Apply Ground Truth to Generated Segments

In this tutorial you will learn how to apply labels from a ground truth session to labels generated from a segmentation algorithm. In your own workflow, you may generate an autosegmentation algorithm and label all of the segments as Unknown. Then use this workflow to update them with the ground truth values. This makes experimenting with new segmentation algorithms much quicker.

Try It Yourself

You can download the Notebook file here to follow along with this tutorial in your own environment.

Prerequisites

Download the Demo Project and extract into this folder
To see the visualizations install ipywidgets
Update to the latest SensiML Python SDK

[ ]:

!pip install ipywidgets sensiml -U

Connecting to a Data Studio project

The python SDK can be used to interface directly with a .dclproj file in READ only mode. In this tutorial we will

Load a .DCLPROJ file into the Python SDK using the DCLProject API
Upload a .DCLPROJ file as a new project to the server using the Client
Compare the segments in the “Training Session” and “Predicted” Session using the confusion_matrix DataSegments API
Visualize the segments against the raw sensor data using the plot_segments API
Update the predicted segments with the closest labels from the “Ground Truth” Session
Upload the new predicted segments

1 Load a .DCLPROJ file into the Python SDK using the DCLProject API

The DCLProject API provides read-only access to a .DCLPROJ file which is the native database format of a Data Studio project. To load the project

[46]:

from sensiml.dclproj import DCLProject

DCLP_PROJECT_PATH = "DemoProject/DemoProject.dclproj"

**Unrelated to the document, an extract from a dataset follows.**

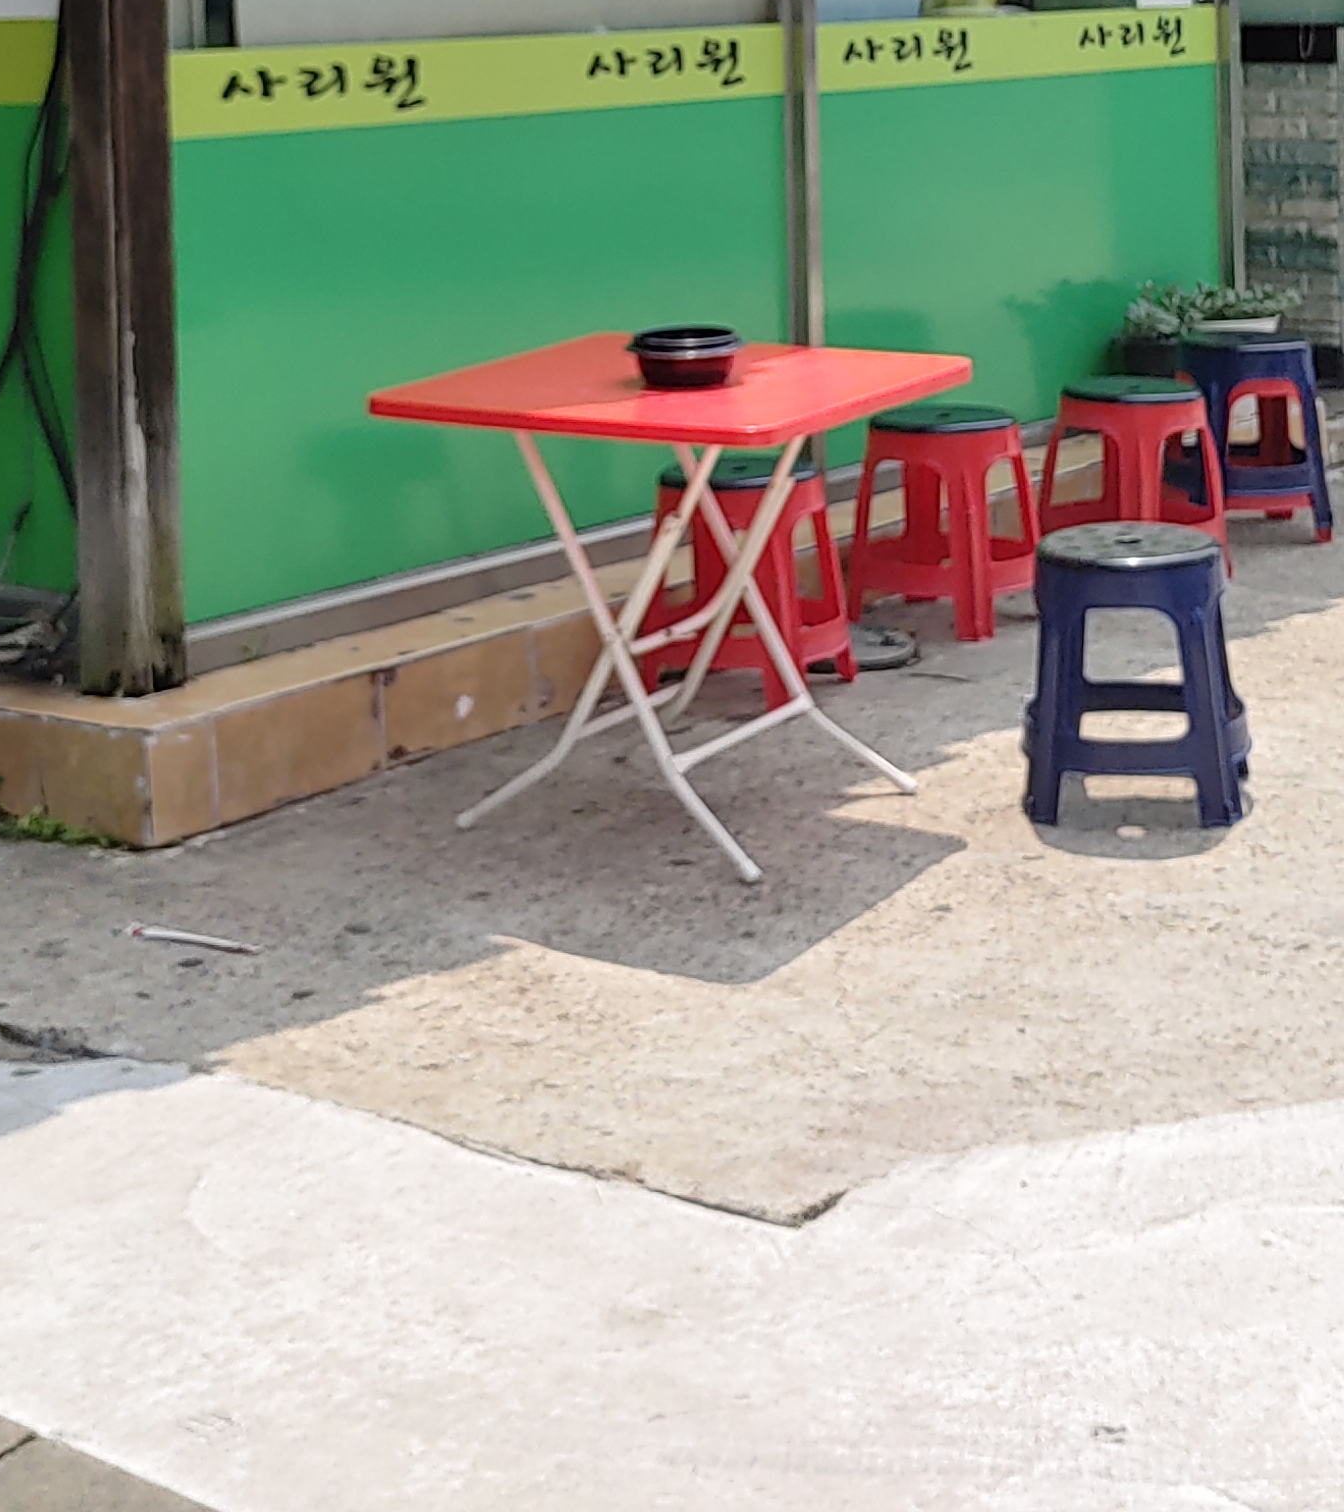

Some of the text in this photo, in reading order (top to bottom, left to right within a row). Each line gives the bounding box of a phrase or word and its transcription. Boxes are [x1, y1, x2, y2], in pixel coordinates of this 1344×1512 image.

[843, 29, 973, 72] 사리원
[1079, 15, 1187, 57] 사리원
[221, 53, 427, 111] 사리원
[587, 38, 747, 88] 사리원

dcl = DCLProject(path=DCLP_PROJECT_PATH)

2 Upload a .DCLPROJ file using the Python SDK Client

You can use the client to upload either a .DCLPROJ or .DCLI file. The .DCLPROJ format is a database format used by the Data Studio.

[ ]:

from sensiml import Client
client = Client()

client.upload_project("Segment Demo Project", DCLP_PROJECT_PATH)

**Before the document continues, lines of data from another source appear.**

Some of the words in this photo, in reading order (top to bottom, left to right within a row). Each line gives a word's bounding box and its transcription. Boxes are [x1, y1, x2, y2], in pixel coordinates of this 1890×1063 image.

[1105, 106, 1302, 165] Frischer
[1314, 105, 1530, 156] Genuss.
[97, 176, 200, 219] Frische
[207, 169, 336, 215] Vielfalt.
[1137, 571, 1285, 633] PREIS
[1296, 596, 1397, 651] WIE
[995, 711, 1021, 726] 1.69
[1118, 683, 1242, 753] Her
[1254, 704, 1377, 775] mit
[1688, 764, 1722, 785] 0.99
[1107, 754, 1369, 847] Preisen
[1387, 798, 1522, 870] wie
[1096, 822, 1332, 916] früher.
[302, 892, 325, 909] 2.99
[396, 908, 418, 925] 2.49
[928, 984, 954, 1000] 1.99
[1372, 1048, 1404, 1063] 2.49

3 Compare the segments in the “Training Session” and “Predicted Session”

We will use the DCLProject API to get access to the segment information that is stored in the .DCLPROJ database.

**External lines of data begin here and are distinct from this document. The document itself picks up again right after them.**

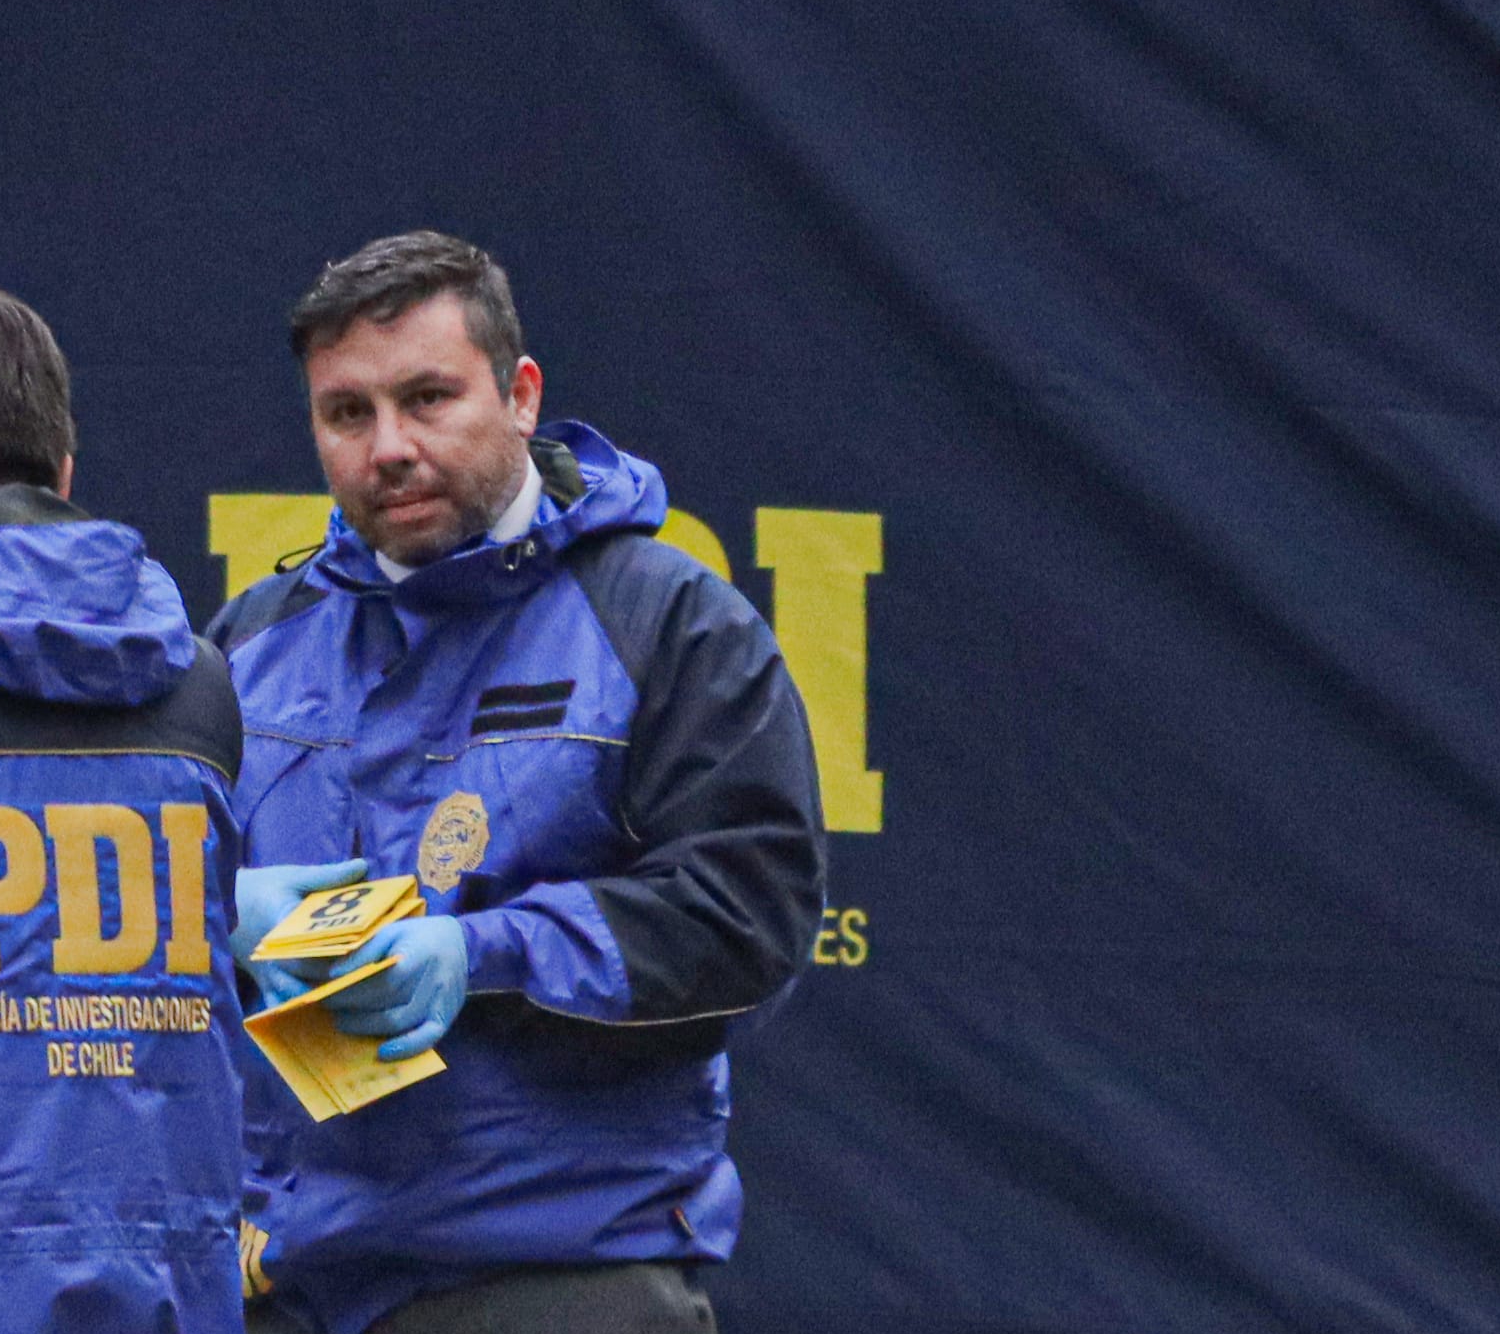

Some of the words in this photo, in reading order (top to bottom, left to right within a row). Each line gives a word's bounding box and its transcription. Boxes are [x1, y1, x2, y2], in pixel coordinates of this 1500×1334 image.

[310, 887, 373, 919] 8
[307, 915, 362, 931] PDI
[26, 996, 54, 1032] DE
[55, 995, 211, 1032] INVESTIGACIONES
[47, 1042, 76, 1077] DE
[78, 1042, 136, 1077] CHILE

To see the list of captures in the database use the .list_captures API

[21]:

dcl.list_captures()

[21]:

	uuid	name	file_size	number_samples	set_sample_rate	created_at	local_status	last_modified	capture_configuration	set	Device
0	adb3f19a-cf85-4b9c-b3e5-8bbf393bfb99	File1.csv	124043	3402	119	2023-02-24 00:16:27.740546	Synced	2023-02-24 00:30:28.177732	Nano 33 BLE Sense IMU	train	Nano33 BLE Sense - 127.0.0.1:5555

To see a list of sessions in the database us the .list_sessions API

[22]:

dcl.list_sessions()

[22]:

	id	name	parameters	custom	preprocess	created_at	local_status	last_modified
0	1	Training Session	None	1	None	2023-02-24 00:15:18.719975	Synced	2023-02-24 00:28:45.751122
1	2	Segmentation	{"inputs":{"input_data":"","first_column_of_in...	0	{"0":{"name":"MagnitudeGxGyGz","actual_name":"...	2023-02-24 00:15:19.560820	Synced	2023-02-24 00:29:02.792429

select and set the variables for the GROUND_TRUTH_SESSION, PREDICTED_SESSION, and FILENAME from the .dcproj database

[28]:

GROUND_TRUTH_SESSION = "Training Session"
PREDICTED_SESSION = "Segmentation"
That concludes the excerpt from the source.